After I said that, his eyes grew slightly grim and he said hinting at something rather horrifying. He uttered that he had seen entire cities razed and people dying. He looked like he was going to tear up as he talked. I took this time and finished my cup of gray and took out 20 quid and offered to pay.

He accepted and chose to offer up something in return, a chance to see his apartment. I was unsure if I should accept that offer, I had thought him a murderer after all... But! No journalist made their career from being cushy in their office writing blogs, well, a great deal did, but no self-respcting journalist did! So, I accepted his offer and paid the bill.

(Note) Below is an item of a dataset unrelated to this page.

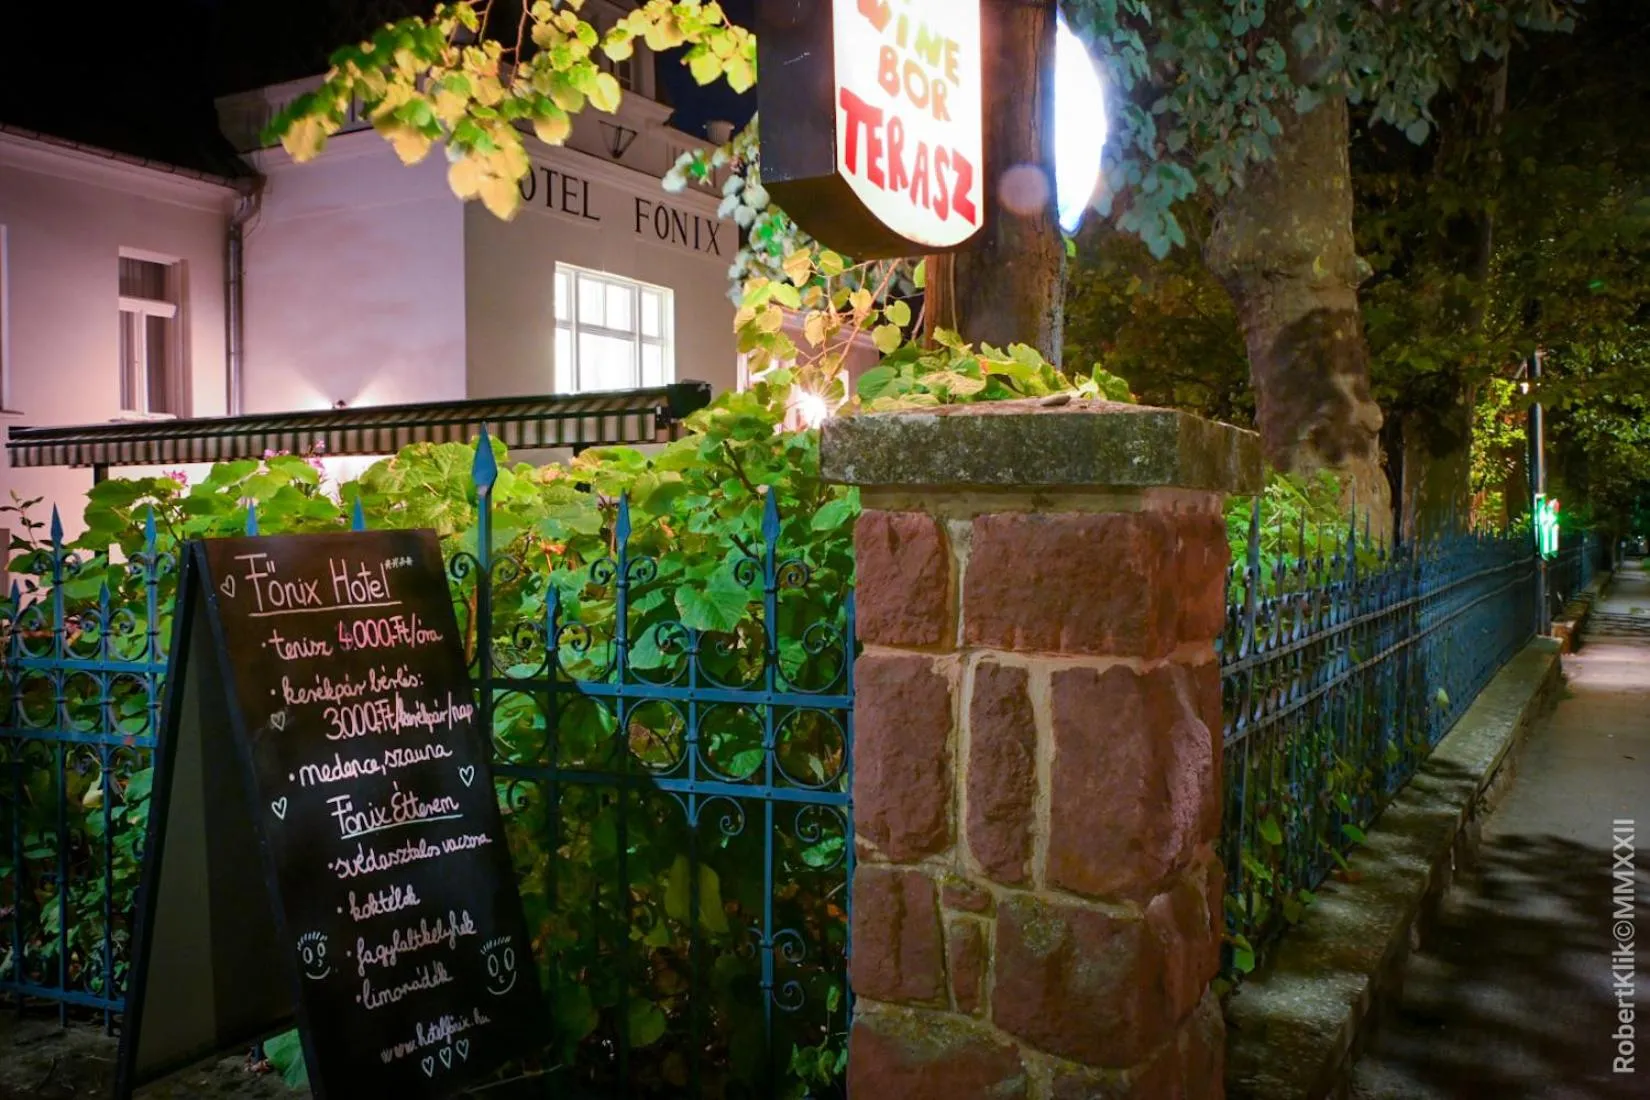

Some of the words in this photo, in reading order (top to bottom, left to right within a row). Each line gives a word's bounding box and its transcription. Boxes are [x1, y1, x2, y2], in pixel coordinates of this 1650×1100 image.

It was a long walk to his apartment, by the time we arrived it had began to transition to the evening. When we arrived, he opened up his door and welcomed me in. Inside his apartment was a rather plain kitchen, a sleeping mattress on the ground, a bathroom, and a large painting of a Orange haired young looking woman wearing a green robe around her frame and wearing some sort of hat. She rather looked like a hobbit from Tolkien's middle earth. I was quick to ask who the woman was and the man said that was his wife. I was rather unsure what to say, but like I decided before, I went along with it.

The man walked into his living room, which I had yet seen and brought out two chairs, he invited me to sit, which I asked for him to do first, out of personal safety. When he sat down, I soon followed and I prepared myself to write down what he said, for in my body, I felt like what he was going to say would be interesting for better or worse.

The man known as Lewis coughed a few times, clearing his chest as he prepared himself to speak. When he did, he said~

"I'm guessing you want my first hand experience? Not from some book or other shite ey? Ya want it from the source, well, let me tell you the story. So one night a couple of years ago, I was drifting myself to sleep with my phone~"

I quickly intervened as I heard an inconsistency in his words, earlier he stated that he had this experience in the spring of 2017. He soon responded and said that was when he came back. He had gone to this world apparently in 2015. With that answered, he continued his story from where he left off.

"As I went to sleep with my phone playing music, I found myself waking up the next morning in a place somewhere else- somewhere very much not here."